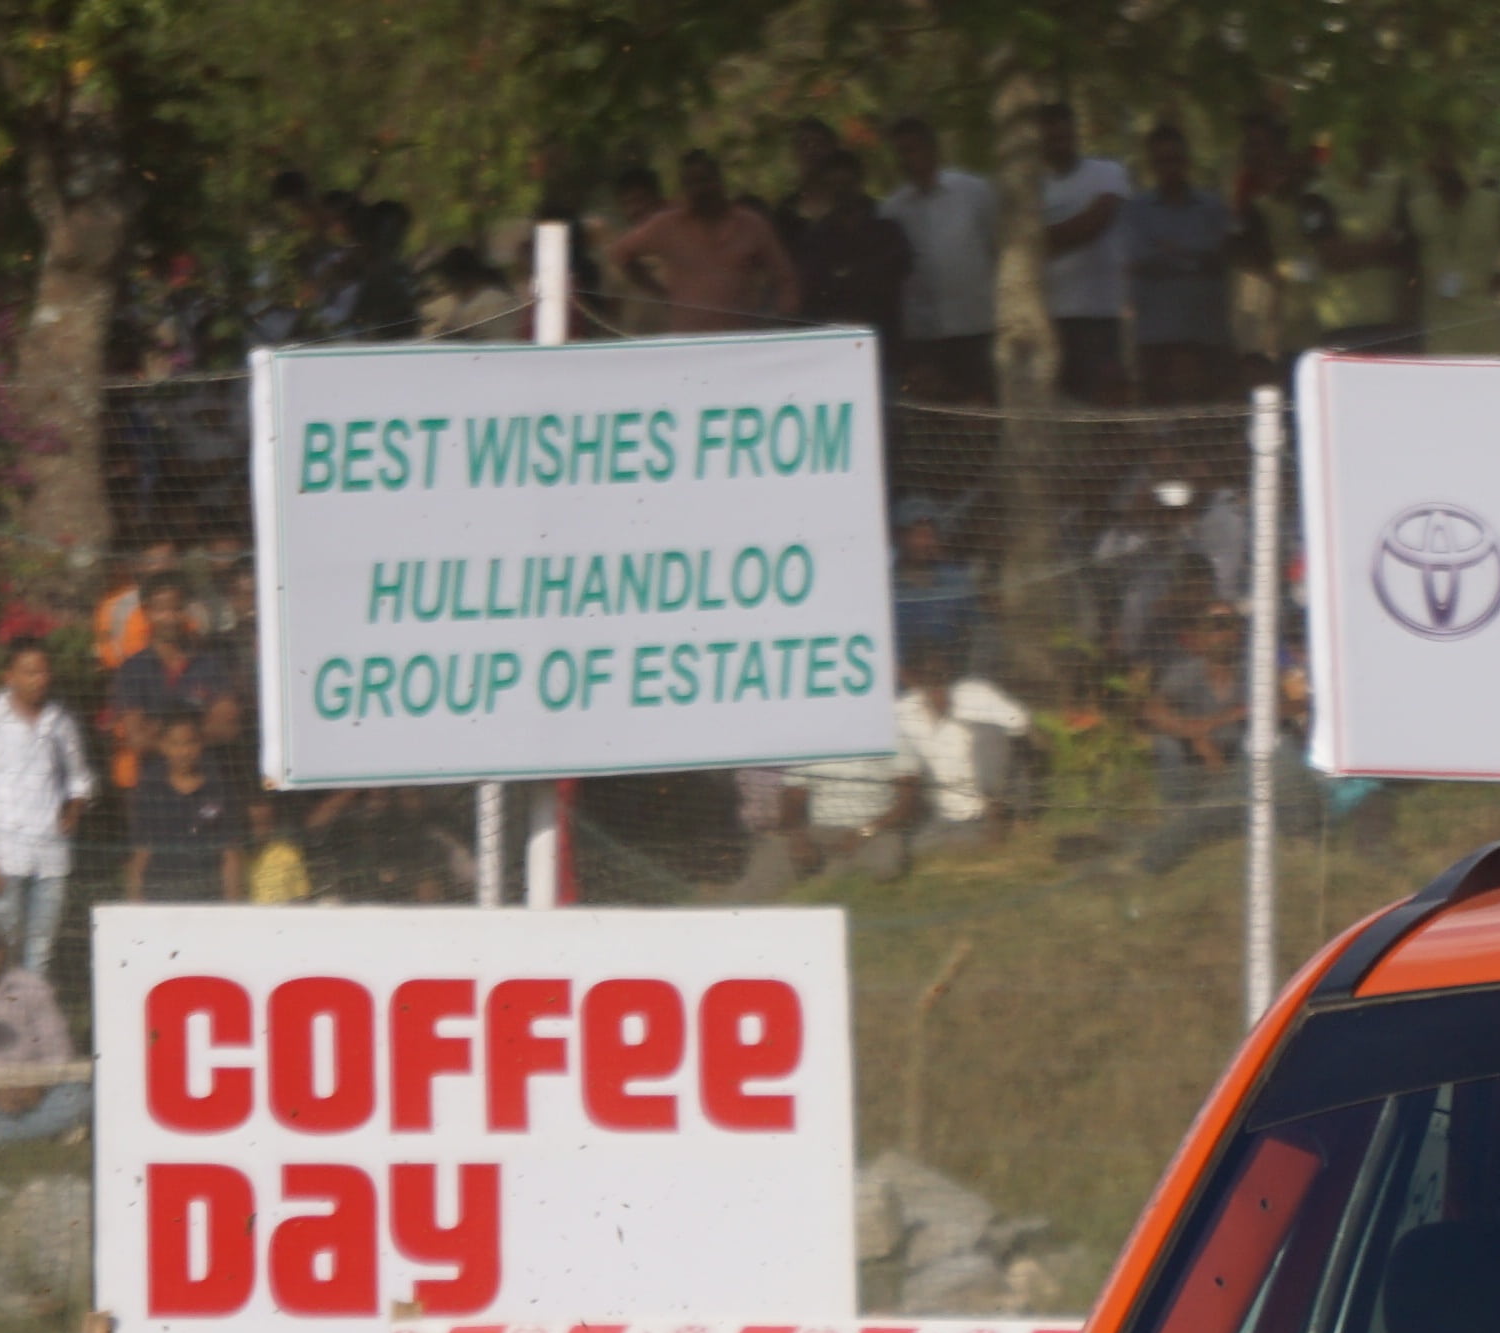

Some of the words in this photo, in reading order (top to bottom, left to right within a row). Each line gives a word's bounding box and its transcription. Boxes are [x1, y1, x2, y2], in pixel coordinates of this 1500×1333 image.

[299, 416, 450, 494] BEST
[466, 409, 677, 488] WISHES
[694, 400, 854, 480] FROM
[368, 541, 816, 624] HULLIHANDLOO
[314, 649, 523, 721] GROUP
[538, 647, 615, 712] OF
[629, 633, 876, 708] ESTATES

○ ○ ○

**Required work**: Print out every entry above without changing a word, and leave out the pictures.

**Finished exercise**:
Some of the words in this photo, in reading order (top to bottom, left to right within a row). Each line gives a word's bounding box and its transcription. Boxes are [x1, y1, x2, y2], in pixel coordinates of this 1500×1333 image.

[299, 416, 450, 494] BEST
[466, 409, 677, 488] WISHES
[694, 400, 854, 480] FROM
[368, 541, 816, 624] HULLIHANDLOO
[314, 649, 523, 721] GROUP
[538, 647, 615, 712] OF
[629, 633, 876, 708] ESTATES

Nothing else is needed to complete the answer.